Taking the EF of SCAFF78 as a baseline (0.89 for DNMT1, 1.56 for DNMT3A and 1.2 for DNMT3B), and leaving R2 fixed as a hydrogen, it was found that when R1=2, the EF improved substantially for DNMT3B (1.18 for DNMT1 and 1.6 for DNMT3B). When R1=3, the EF decreased for DNMT1 while improving for DNMT3B (0.78 for DNMT1 and 1.9 for DNMT3B). This suggests that elongating the side chain of the scaffold can improve selectivity for DNMT3B against DNMT1. Keeping fixed R1=1, it was found that the substitution R2=A (Figure 9) did not improve the EF (0.96 for DNMT1 and 1.05 for DNMT3B). The substitution R2=B decreased the EF for DNMT1 while being similar for DNMT3B (0.65 for DNMT1 and 1.09 for DNMT3B). The substitution R2=C diminished overall the EF (0.78 for DNMT1 and 0.73 for DNMT3B). These results suggest that a longer linker in R2 tends to decrease the overall activity, and that keeping a constrained cycle of six can also favor selectivity for DNMT3B against DNMT1. These results can be found combined in SCAFF77, which has R1=3 and R2=A, and has an EF for DNMT1 of 1.18 and for DNMT3B of 1.45, implying that the previous effects cannot interact in synergy. Finally, it was also noted that removing the nitrogen atom marked with the electron pair can increase both EF of DNMT1 and DNMT3B to 1.57 and 1.94, respectively.

Visual representation of the chemical space

Figure 10 shows a visual representation of the chemical space based on PCA of six properties of pharmaceutical relevance i.e., HBA, HBD, TPSA, RB, logP and MW. The first principal component is largely associated with TPSA, HBA and HBD, while the second principal component is associated with RB, MW, and LOGP. Figure 10 shows that the three data sets share a common space, with DNMT1 inhibitors being the most diverse. When analyzing only the most active compounds (Figure 10) - compounds with activity index equal or greater than 3 – the three active subsets appear to cluster in different regions of the chemical space.


Figure 10: Visualization of the chemical space based on oral availability descriptors (MW, logP, RB, TPSA, HBD and HBA) and a principal component analysis. Left: All compounds. Center: Only active compounds (activity index equal or greater than 3). Right: Only inactive compounds (activity index lower than 3).

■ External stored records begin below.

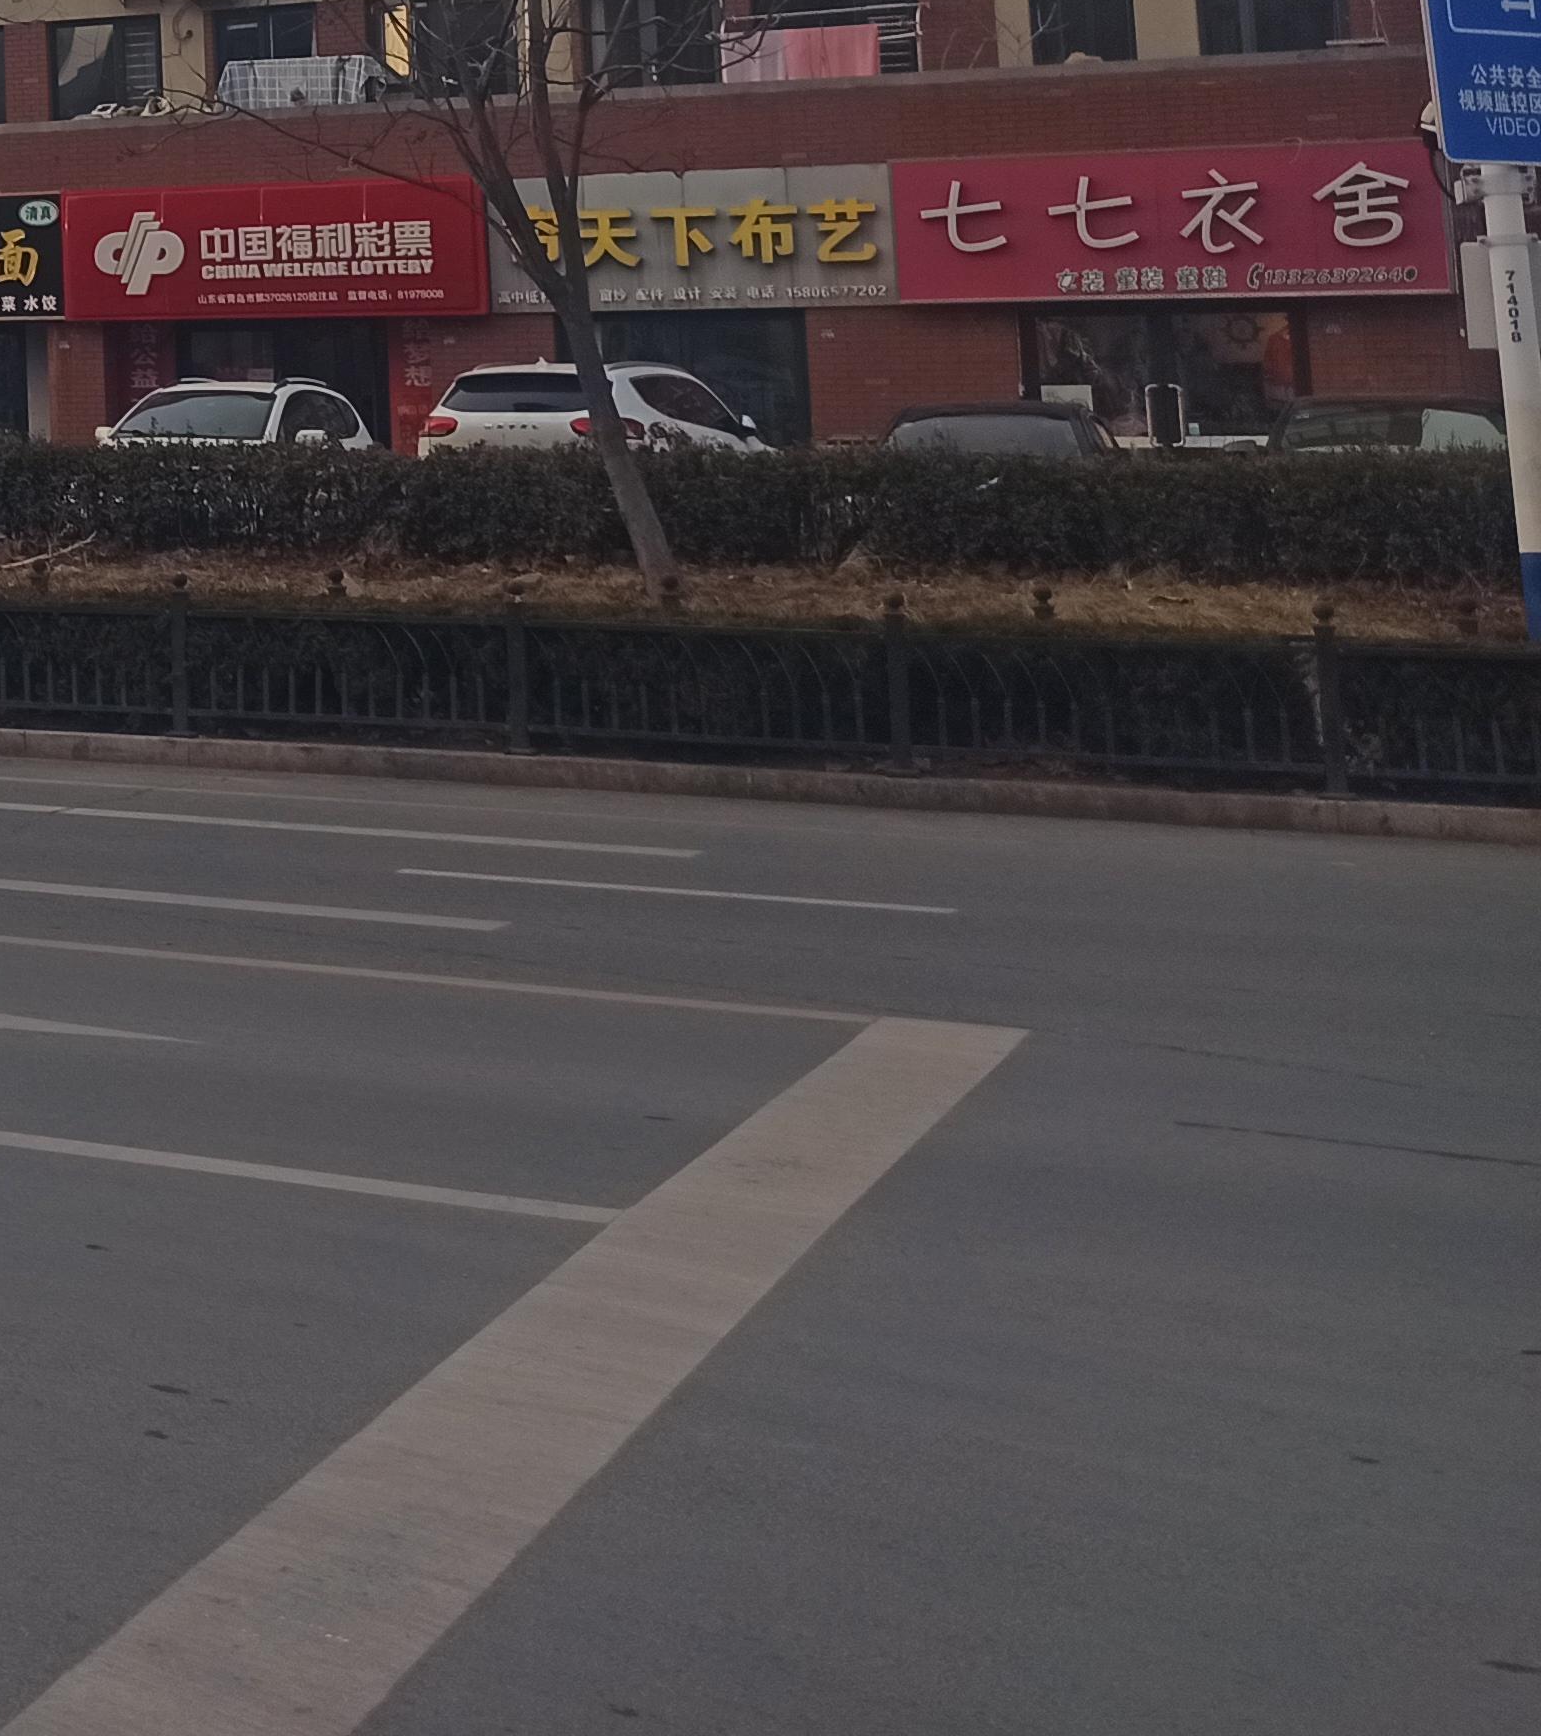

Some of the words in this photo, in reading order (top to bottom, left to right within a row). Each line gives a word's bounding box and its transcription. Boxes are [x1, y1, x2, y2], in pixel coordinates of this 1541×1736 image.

[1485, 116, 1541, 137] VIDEO
[25, 204, 53, 221] 清真
[920, 161, 1409, 253] 七七衣舍
[199, 220, 433, 262] 中国福利彩票
[201, 262, 262, 280] CHINA
[263, 261, 349, 278] WELFARE
[351, 259, 433, 276] LOTTERY
[1056, 270, 1105, 293] 女装
[24, 294, 58, 312] 水饺

Figure 11 shows a visualization of the chemical space based on SOM. In this plot, inactive compounds in the three sets tend to span over the map. However, when showing only the active compounds (active index equal or greater than 3), it shows that active compounds of DNMT3A and DNMT3B are not covering the same chemical space.


Figure 11: Visualization of the chemical space based on oral availability descriptors (MW, logP, RB, TPSA, HBD and HBA) projected on a self-organizing map. Top: only inactive compounds. Bottom: only active compounds.

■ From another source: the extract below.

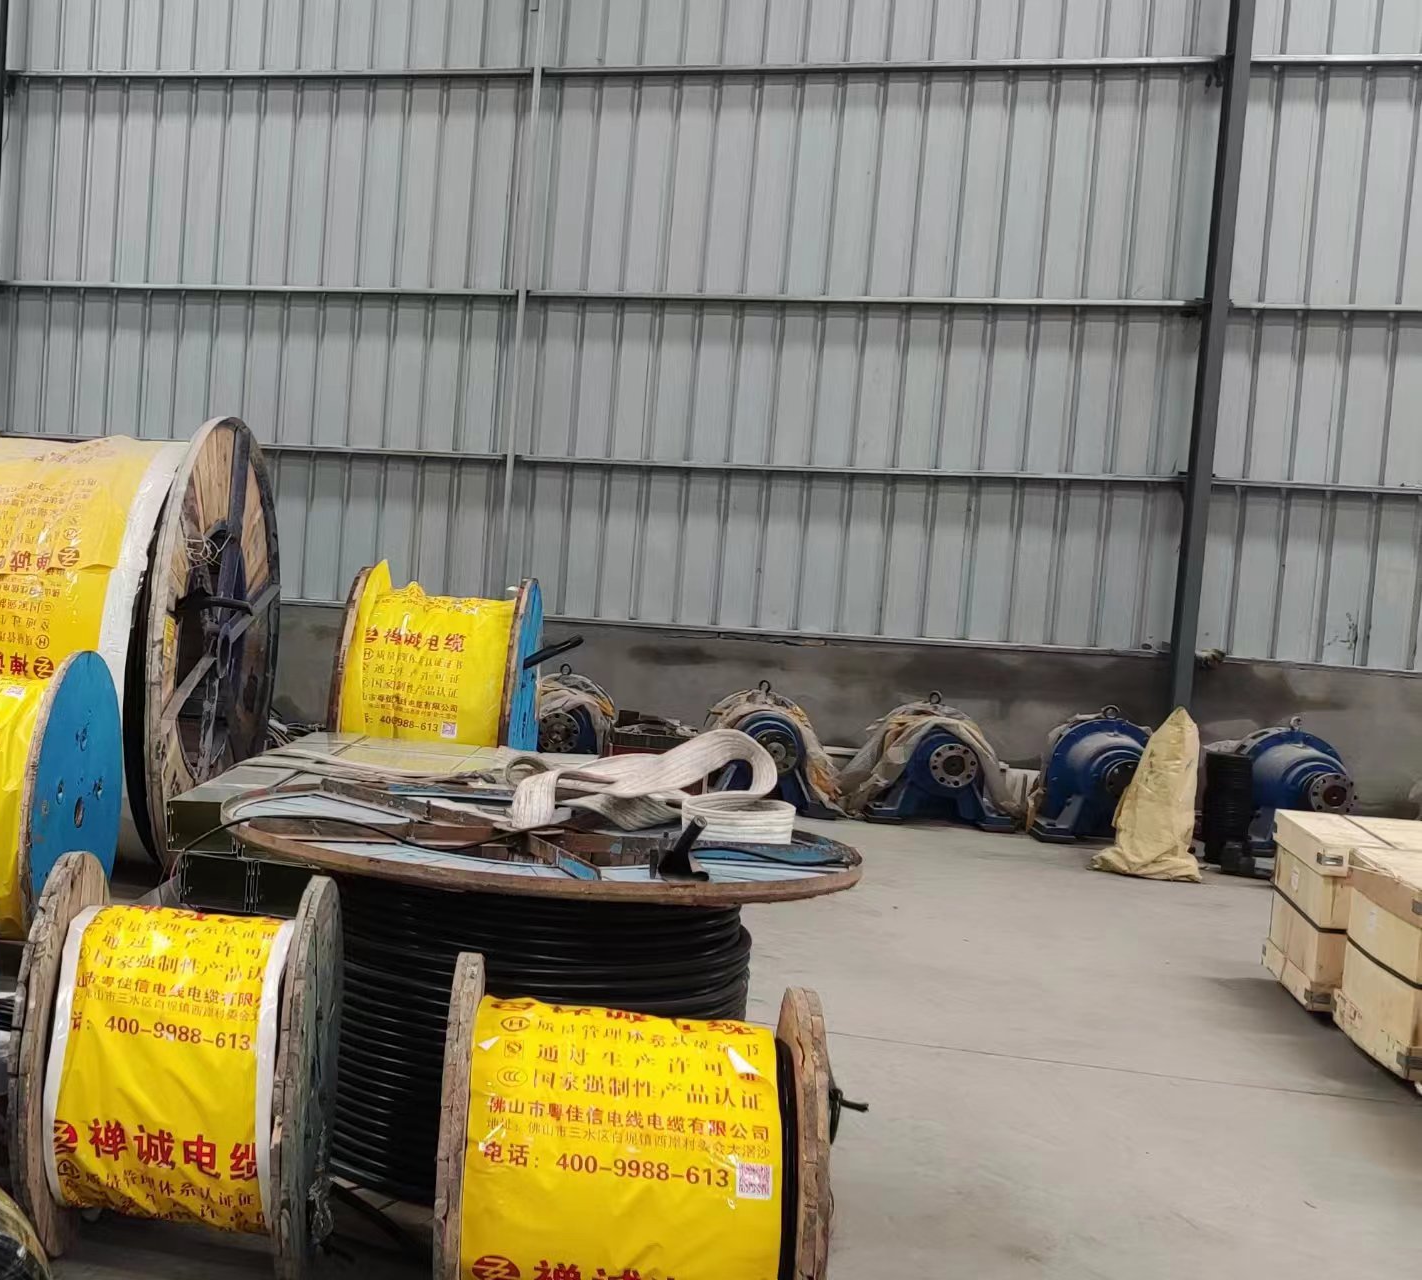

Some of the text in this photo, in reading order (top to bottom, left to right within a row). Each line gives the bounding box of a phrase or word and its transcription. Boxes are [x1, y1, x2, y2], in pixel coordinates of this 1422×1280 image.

A global cheminformatic comparison of three data sets of inhibitors of DNMT1, DNMT3A and DNMT3B is reported in this work. Analysis of physicochemical properties and molecular diversity based on fingerprints showed that inhibitors of DNMT1 cover broader areas of the chemical space. In contrast, DNMT3A and DNMT3B cover smaller areas. Analysis with topological descriptors revealed that inhibitors of DNMT3A have larger volume than inhibitors of DNMT1 and 3B. Inhibitors of DNMT3B also had higher values of fraction of sp3 atoms than the other sets. Visual representation of the chemical space revealed that all three sets of inhibitors of DNMT1, 3A and 3B share a common space. Scaffold diversity analysis indicated that inhibitors of DNMT1 and DNMT3A have a larger number of molecular scaffolds as compared to DNMT3B. For all three data sets, there are molecular scaffolds enriched with active molecules representing promising starting points for drug development.

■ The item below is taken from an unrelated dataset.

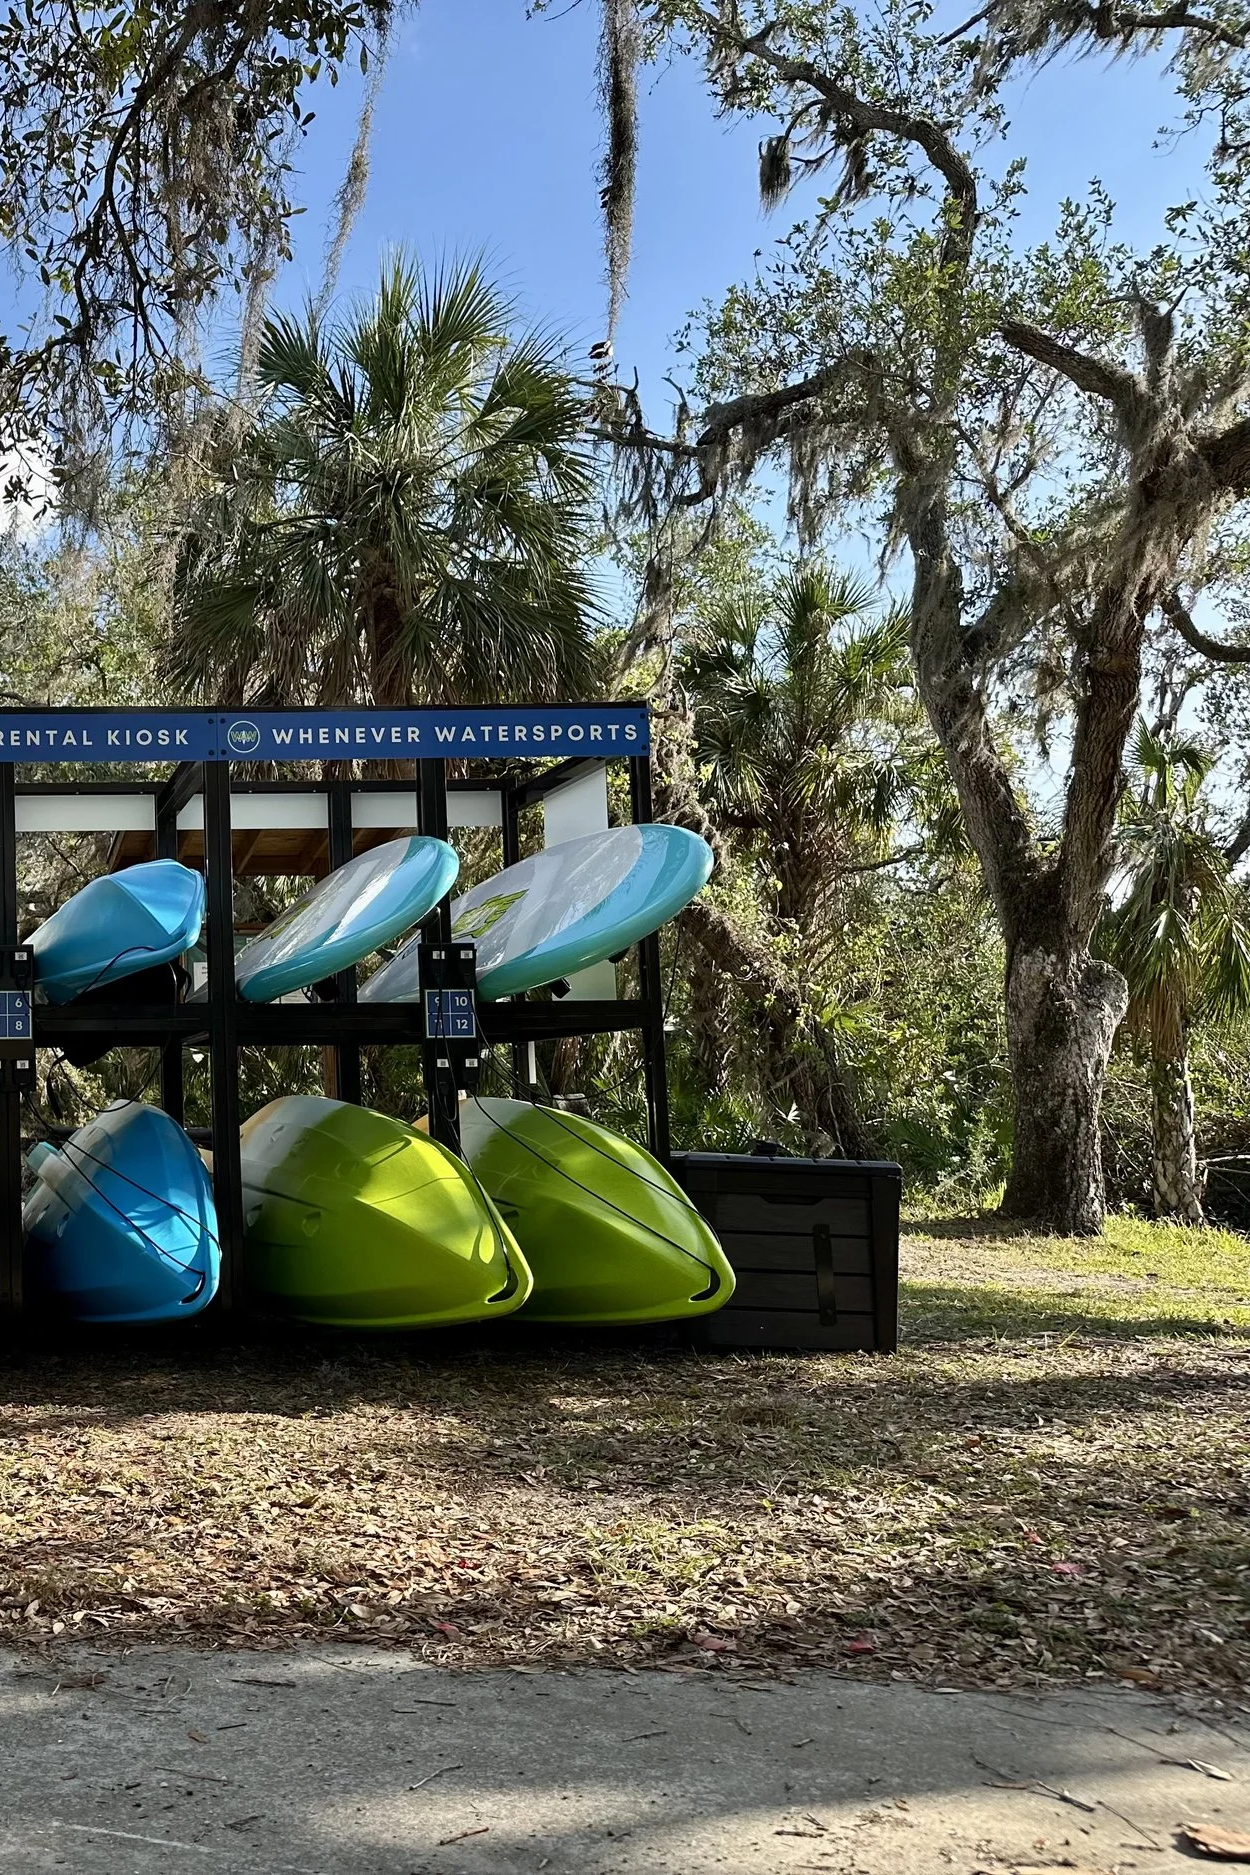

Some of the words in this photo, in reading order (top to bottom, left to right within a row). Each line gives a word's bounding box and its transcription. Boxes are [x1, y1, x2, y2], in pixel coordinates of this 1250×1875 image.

This work was supported by the Universidad Nacional Autónoma de México (UNAM) grant ‘Programa de Apoyo a Proyectos de Investigación e Inovación Tecnológica’ (PAPIIT) IA204016. We also thank funding from the ‘Programa de Apoyo a la Investigación y el Posgrado’ (PAIP) 50009163, Facultad de Química, UNAM. OP-H is grateful to CONACyT for the fellowships granted No. 765897/606003.